Illiteracy will not go away on its own and there is no simple solution to the problem of illiteracy. President Bill Clinton announced the America Reads Challenge in an attempt to ensure that every American child can read well and independently by the third grade, thus eliminating adult illiteracy. You are the tutors that will make this dream come true.

You have been hired to be a reading tutor in a public school in Carbondale, Illinois. This program has taken the coordination of Southern Illinois University at Carbondale (SIUC), the federal government, and the local schools. Ted Sanders, President of SIU, is one of the national co-chairs of the Partnership for Family Involvement in Education and joins with some famous personalities on this committee. Other members include: National Parent Teacher Association President Joan Dykstra; Tipper Gore, wife of Vice-President Al Gore; Sports star, Bo Jackson; and U. S. Secretary of Education, Richard W. Riley. Dr. Sanders is also a member of the America Reads Challenge, which is a subgroup of The Partnership for Family Involvement in Education. All of these celebrities believe adult illiteracy is a national problem of enormous proportions and that the America Reads Challenge program is an important step toward solving this problem.

In this initial year of the America Reads Challenge program, children in grades one through four will be tutored in reading by SIUC students. Children learn best in a one-on-one environment and you will be working with them in this personal arrangement to help them become better readers. This task will present some great challenges to you, as a tutor, and to the student.

Reading is not really a subject or a product. It is a process. It is the how-to that determines a student's success in every other subject. Children who finish school unable to read or write will face difficult challenges in their adult lives. Former U.S. Senator Paul Simon, head of the Public Policy Institute at SIUC, writes in his book, Let's Put America Back to Work, of the problem of adult illiteracy. Simon (1987) states that the unemployment rate for individuals who cannot read or write is much higher than it is for those who can. Average earnings for illiterate adults, who do work, are substantially lower than for those who can read and write. The majority of individuals in prison are functionally illiterate. The director of personnel at General Motors estimates that at least 30% of its work force is illiterate.

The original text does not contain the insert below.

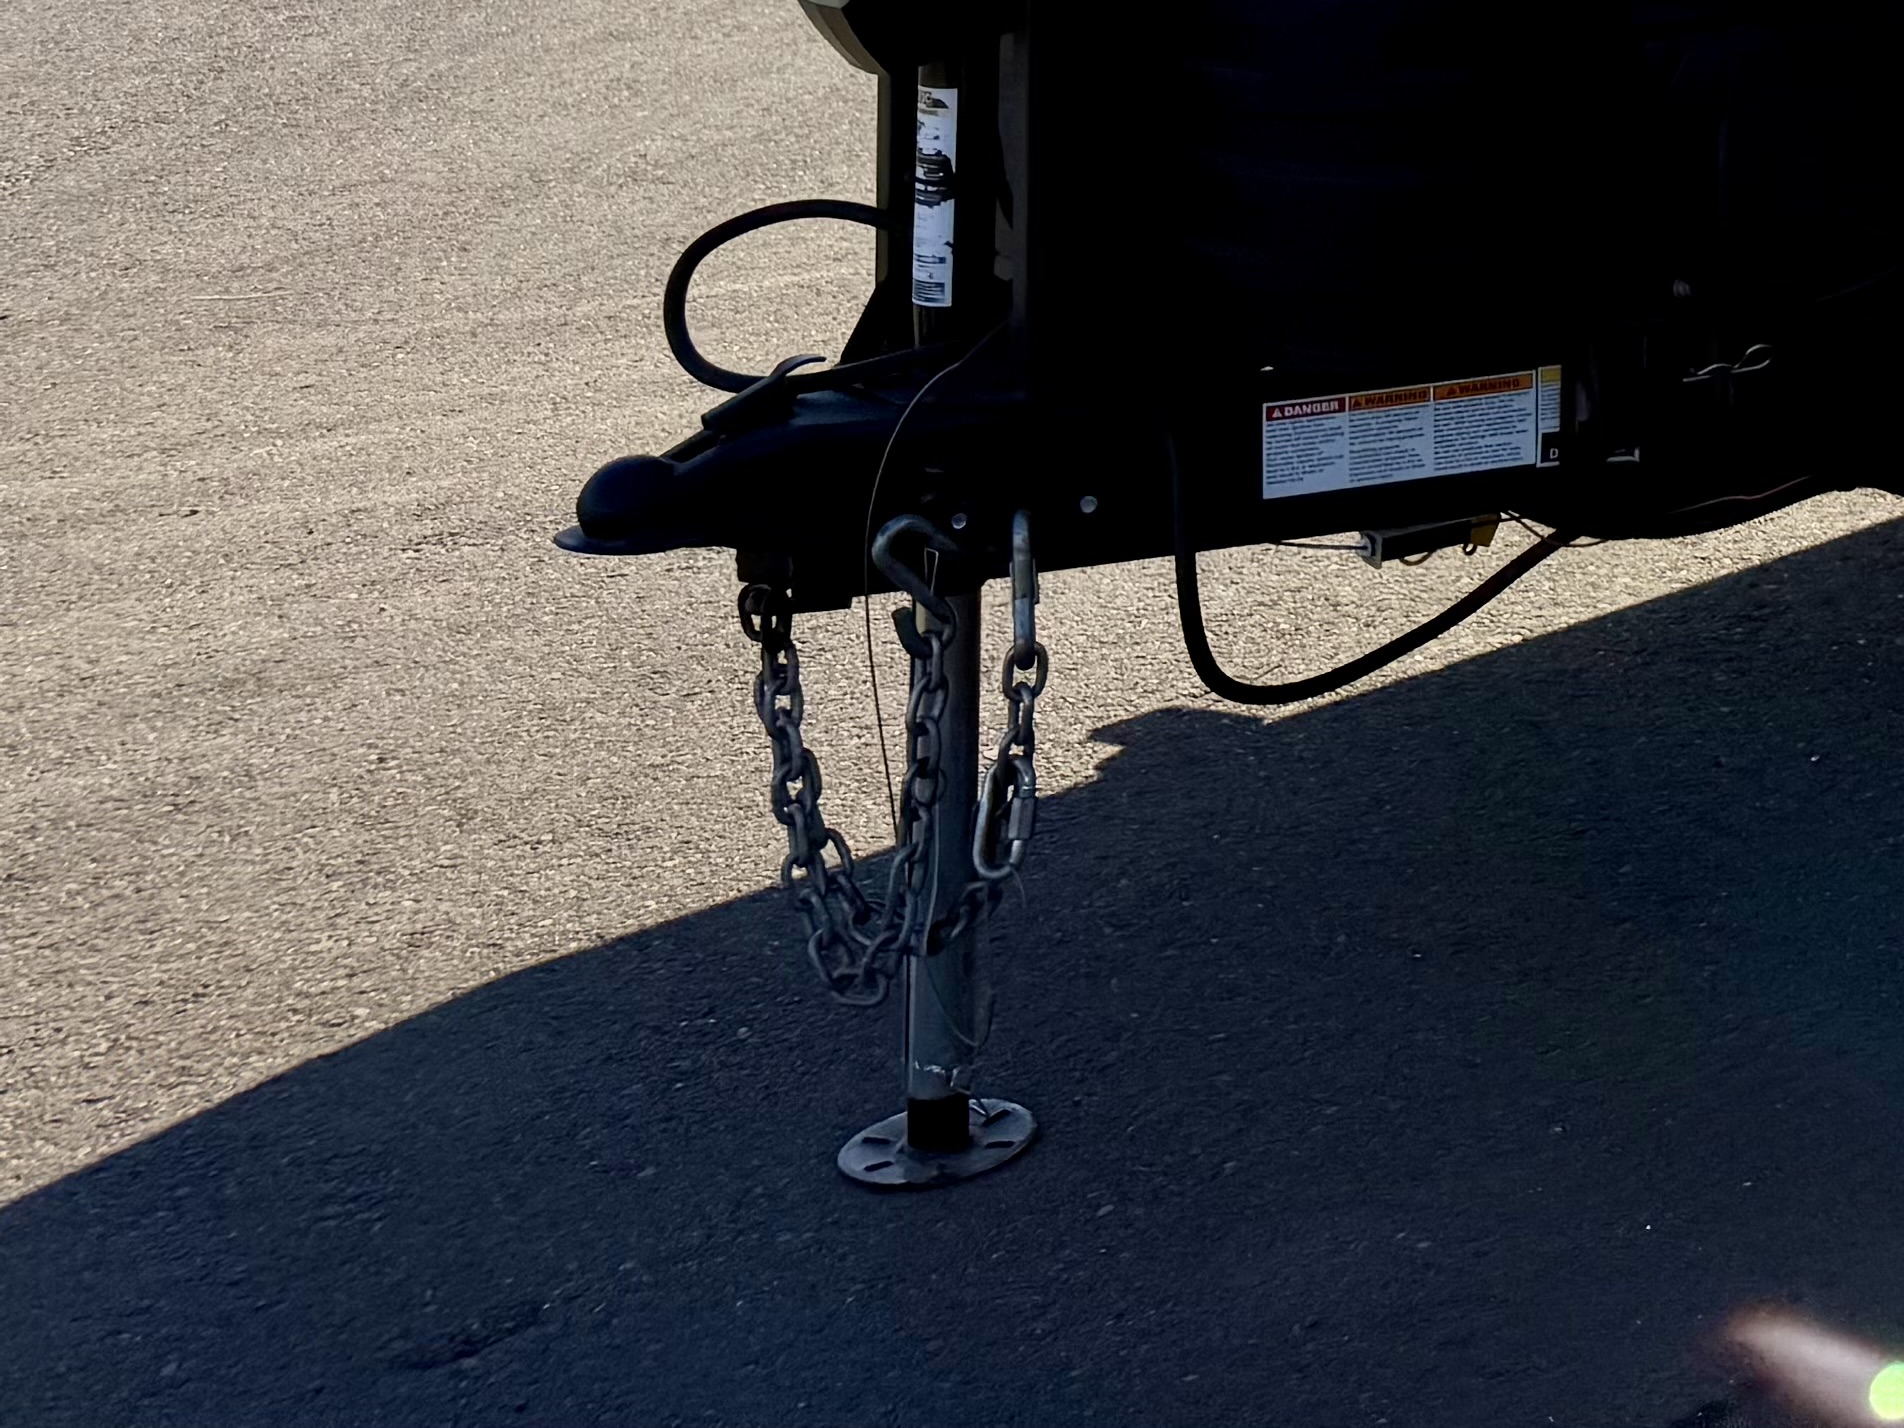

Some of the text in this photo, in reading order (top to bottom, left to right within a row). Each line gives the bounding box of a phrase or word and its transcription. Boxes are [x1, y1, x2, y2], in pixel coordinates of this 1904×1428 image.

[1458, 378, 1520, 395] WARNING
[1364, 390, 1428, 406] WARNING
[1284, 400, 1340, 418] DANGER

So, how will you help solve this problem? You have already made a strong commitment to helping by participating in this program. At times, you may feel overwhelmed at the enormity of this task. But remember, your efforts are worthwhile. You will be making a difference, one child at a time.


PURPOSE OF THIS MANUAL

Information provided in this manual is intended to give tutors direction for the work you will be doing. This manual is only a start for the information you will need. It certainly is not everything that you will need to know. It provides background and reference material for you as an America Reads Challenge tutor in your important work of making a difference--one student at a time.

Your background experiences to be an America Reads Challenge tutor will naturally be different from those of your fellow tutors. Your own experiences, your familiarity with schools, your knowledge of the process of reading and reading methods will vary from other tutors. In order for all tutors to have equal opportunities to become knowledgeable about reading, basic information necessary for all tutors, has been included in this manual. Sometimes the material will simply serve as reminders of things you already know. Other material will be new information. The writer of this manual has attempted to avoid being too simplistic or presumptuous of your background. If you are unclear about something in the manual or have questions that are not addressed in this manual, please make inquiries at orientation training sessions and throughout the year. Keep in mind that as the year progresses, additional training about specific and different reading strategies will be provided.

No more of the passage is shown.